╭─ Data for processing
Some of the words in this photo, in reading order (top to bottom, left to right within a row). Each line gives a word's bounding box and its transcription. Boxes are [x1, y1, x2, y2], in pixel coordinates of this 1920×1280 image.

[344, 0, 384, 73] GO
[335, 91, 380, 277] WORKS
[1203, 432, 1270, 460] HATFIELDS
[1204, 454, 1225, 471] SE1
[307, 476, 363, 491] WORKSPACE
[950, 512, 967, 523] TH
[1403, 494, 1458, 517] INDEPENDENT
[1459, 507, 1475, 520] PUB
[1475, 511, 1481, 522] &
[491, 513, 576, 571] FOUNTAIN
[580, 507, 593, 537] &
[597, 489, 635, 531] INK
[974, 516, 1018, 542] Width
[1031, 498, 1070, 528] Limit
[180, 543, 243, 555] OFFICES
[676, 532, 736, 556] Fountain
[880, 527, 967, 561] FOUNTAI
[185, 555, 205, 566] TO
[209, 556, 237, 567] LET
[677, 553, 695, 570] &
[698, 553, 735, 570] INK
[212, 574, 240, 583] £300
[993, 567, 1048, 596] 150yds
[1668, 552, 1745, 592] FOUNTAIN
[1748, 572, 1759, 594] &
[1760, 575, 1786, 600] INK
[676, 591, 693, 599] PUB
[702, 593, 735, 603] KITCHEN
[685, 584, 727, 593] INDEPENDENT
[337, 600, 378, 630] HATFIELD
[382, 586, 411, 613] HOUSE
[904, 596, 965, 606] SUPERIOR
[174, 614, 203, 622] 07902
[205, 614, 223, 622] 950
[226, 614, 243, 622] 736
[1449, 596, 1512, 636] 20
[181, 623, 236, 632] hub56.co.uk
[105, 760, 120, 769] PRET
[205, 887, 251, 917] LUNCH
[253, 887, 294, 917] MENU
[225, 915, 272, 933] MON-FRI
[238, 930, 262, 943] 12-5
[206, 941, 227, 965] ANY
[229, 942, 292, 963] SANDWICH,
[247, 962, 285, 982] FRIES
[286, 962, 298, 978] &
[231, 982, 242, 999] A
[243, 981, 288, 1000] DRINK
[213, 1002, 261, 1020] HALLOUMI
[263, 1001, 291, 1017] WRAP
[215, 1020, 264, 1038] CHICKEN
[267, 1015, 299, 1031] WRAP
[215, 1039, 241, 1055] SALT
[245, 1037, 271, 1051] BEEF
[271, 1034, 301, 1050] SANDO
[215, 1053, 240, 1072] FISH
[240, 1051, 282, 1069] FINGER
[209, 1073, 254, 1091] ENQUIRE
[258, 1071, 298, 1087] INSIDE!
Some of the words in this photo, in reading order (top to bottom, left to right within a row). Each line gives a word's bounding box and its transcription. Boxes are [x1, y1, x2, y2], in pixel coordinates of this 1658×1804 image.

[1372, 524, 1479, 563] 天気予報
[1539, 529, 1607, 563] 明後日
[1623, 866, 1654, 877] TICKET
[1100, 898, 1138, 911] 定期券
╰─
* [Problem] The answer must be the data above, repeated exactly as it stands.

* [Answer]
Some of the words in this photo, in reading order (top to bottom, left to right within a row). Each line gives a word's bounding box and its transcription. Boxes are [x1, y1, x2, y2], in pixel coordinates of this 1920×1280 image.

[344, 0, 384, 73] GO
[335, 91, 380, 277] WORKS
[1203, 432, 1270, 460] HATFIELDS
[1204, 454, 1225, 471] SE1
[307, 476, 363, 491] WORKSPACE
[950, 512, 967, 523] TH
[1403, 494, 1458, 517] INDEPENDENT
[1459, 507, 1475, 520] PUB
[1475, 511, 1481, 522] &
[491, 513, 576, 571] FOUNTAIN
[580, 507, 593, 537] &
[597, 489, 635, 531] INK
[974, 516, 1018, 542] Width
[1031, 498, 1070, 528] Limit
[180, 543, 243, 555] OFFICES
[676, 532, 736, 556] Fountain
[880, 527, 967, 561] FOUNTAI
[185, 555, 205, 566] TO
[209, 556, 237, 567] LET
[677, 553, 695, 570] &
[698, 553, 735, 570] INK
[212, 574, 240, 583] £300
[993, 567, 1048, 596] 150yds
[1668, 552, 1745, 592] FOUNTAIN
[1748, 572, 1759, 594] &
[1760, 575, 1786, 600] INK
[676, 591, 693, 599] PUB
[702, 593, 735, 603] KITCHEN
[685, 584, 727, 593] INDEPENDENT
[337, 600, 378, 630] HATFIELD
[382, 586, 411, 613] HOUSE
[904, 596, 965, 606] SUPERIOR
[174, 614, 203, 622] 07902
[205, 614, 223, 622] 950
[226, 614, 243, 622] 736
[1449, 596, 1512, 636] 20
[181, 623, 236, 632] hub56.co.uk
[105, 760, 120, 769] PRET
[205, 887, 251, 917] LUNCH
[253, 887, 294, 917] MENU
[225, 915, 272, 933] MON-FRI
[238, 930, 262, 943] 12-5
[206, 941, 227, 965] ANY
[229, 942, 292, 963] SANDWICH,
[247, 962, 285, 982] FRIES
[286, 962, 298, 978] &
[231, 982, 242, 999] A
[243, 981, 288, 1000] DRINK
[213, 1002, 261, 1020] HALLOUMI
[263, 1001, 291, 1017] WRAP
[215, 1020, 264, 1038] CHICKEN
[267, 1015, 299, 1031] WRAP
[215, 1039, 241, 1055] SALT
[245, 1037, 271, 1051] BEEF
[271, 1034, 301, 1050] SANDO
[215, 1053, 240, 1072] FISH
[240, 1051, 282, 1069] FINGER
[209, 1073, 254, 1091] ENQUIRE
[258, 1071, 298, 1087] INSIDE!
Some of the words in this photo, in reading order (top to bottom, left to right within a row). Each line gives a word's bounding box and its transcription. Boxes are [x1, y1, x2, y2], in pixel coordinates of this 1658×1804 image.

[1372, 524, 1479, 563] 天気予報
[1539, 529, 1607, 563] 明後日
[1623, 866, 1654, 877] TICKET
[1100, 898, 1138, 911] 定期券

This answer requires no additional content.